Credit Suisse’s woes quickly spread to other major European banks, with France’s BNP Paribas and Societe Generale sinking by more than 10 per cent.
Meanwhile, the German Deutsche Bank slumped by more than 9 per cent while its rival Commerzbank fell by 8.8 per cent. Fellow Swiss bank UBS also dropped nearly 9 per cent.
In the UK, shares in Barclays were down 9 per cent, Lloyds dropped more than 4 per cent, NatWest fell 6 per cent, HSBC slipped 5 per cent and Standard Chartered slid 7.7 per cent.
Panic also crossed the Atlantic to hit shares in US banks as JP Morgan fell 5.5 per cent, Morgan Stanley declined 6.7 per cent, Goldman Sachs lost 5.2 per cent and Bank of America dropped 3 per cent.
Pictured: London (file photo).

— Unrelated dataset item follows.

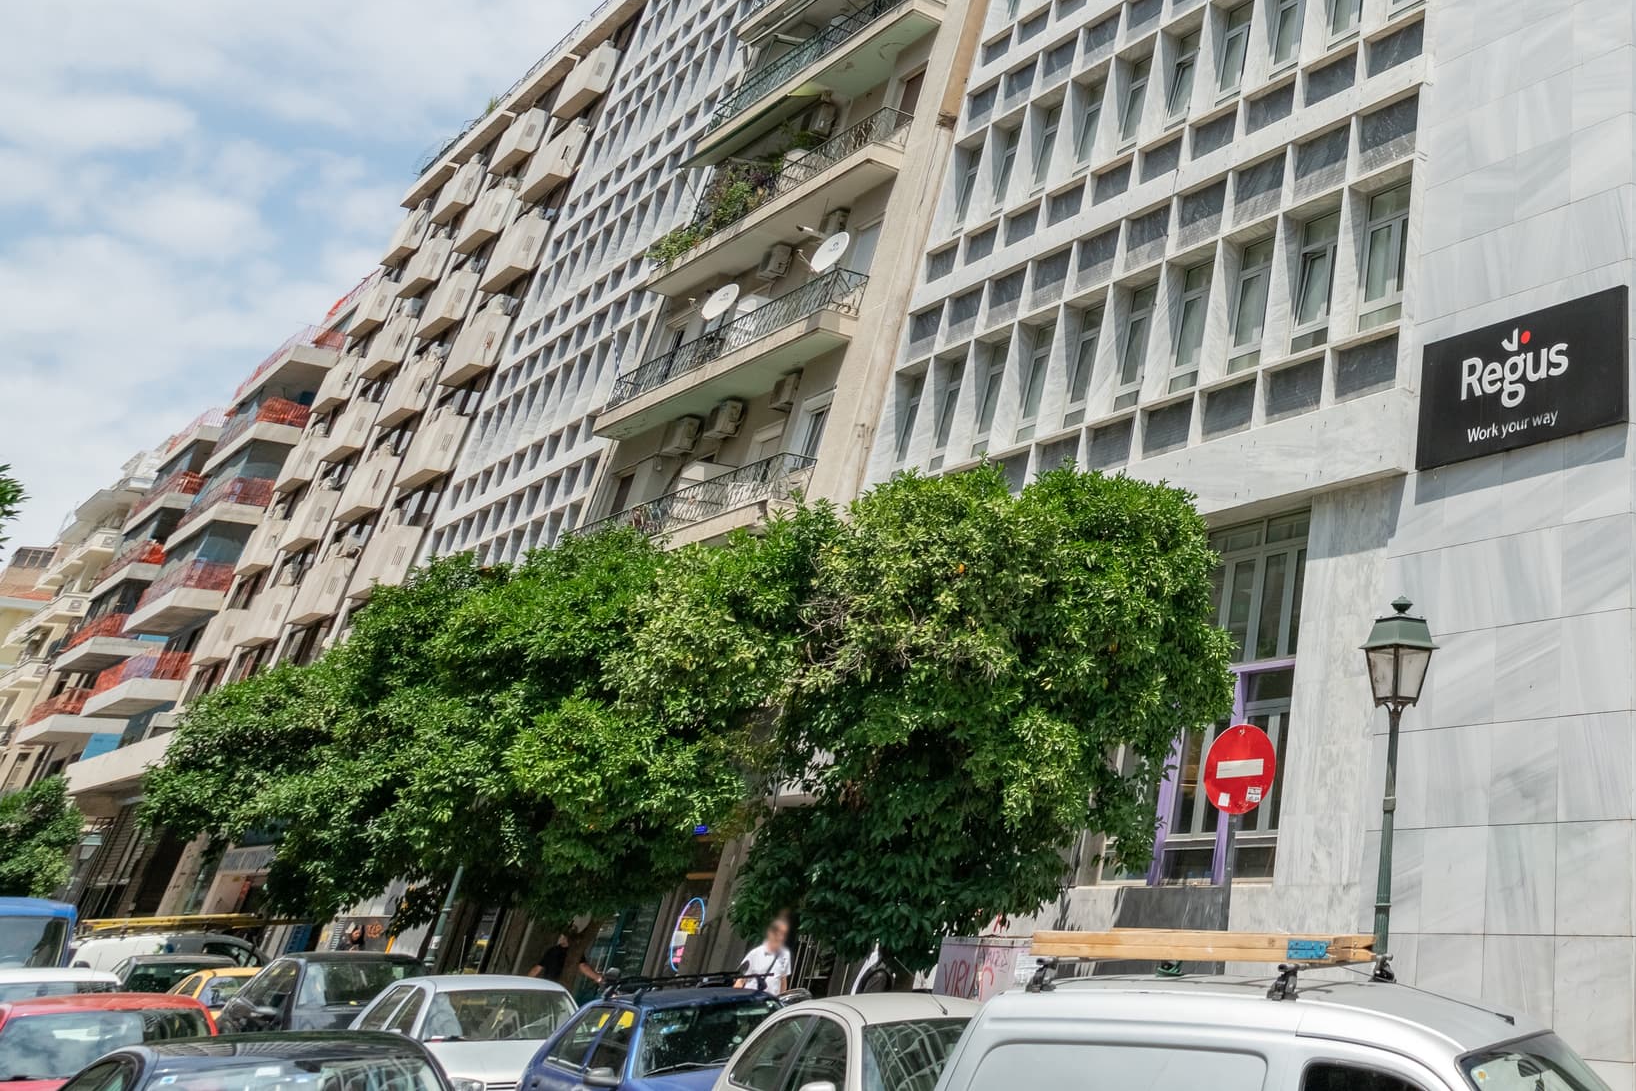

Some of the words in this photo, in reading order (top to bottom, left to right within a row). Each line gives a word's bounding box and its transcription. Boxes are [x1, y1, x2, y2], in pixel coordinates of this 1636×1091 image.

In the UK, shares in Barclays were down 9 per cent, Lloyds dropped more than 4 per cent, NatWest fell 6 per cent, HSBC slipped 5 per cent and Standard Chartered slid 7.7 per cent
Susannah Streeter, of the financial service firm Hargreaves Lansdown, said: ‘The fresh banking sell-off has taken hold as fears rise to the surface about the robustness of the sector with the shadow of the SVB collapse still looming large. Nervousness is super-high and that’s spilt over into a hot mess in Europe.’
Larry Fink, head of the world’s largest asset manager BlackRock, warned the US financial system faced a ‘slow rolling crisis’ in the fallout of the SVB collapse and that ‘more seizures and shutdowns’ were coming.
In a letter to the firm’s investors, Mr Fink compared the current upheaval to the savings and loan crisis of the 1980s, when more than 1,000 lenders collapsed.
He added recent rises in interest rates were ‘the first domino to drop’ and predicted banks would tighten lending requirements as a result of the uncertainty.
The panic gripping the global banking sector comes as investors fear financial institutions are sitting on large losses after investing in government debt during the pandemic. SVB itself had invested heavily in US government debt, which while usually safe investments saw their value plunge as interest rates rose.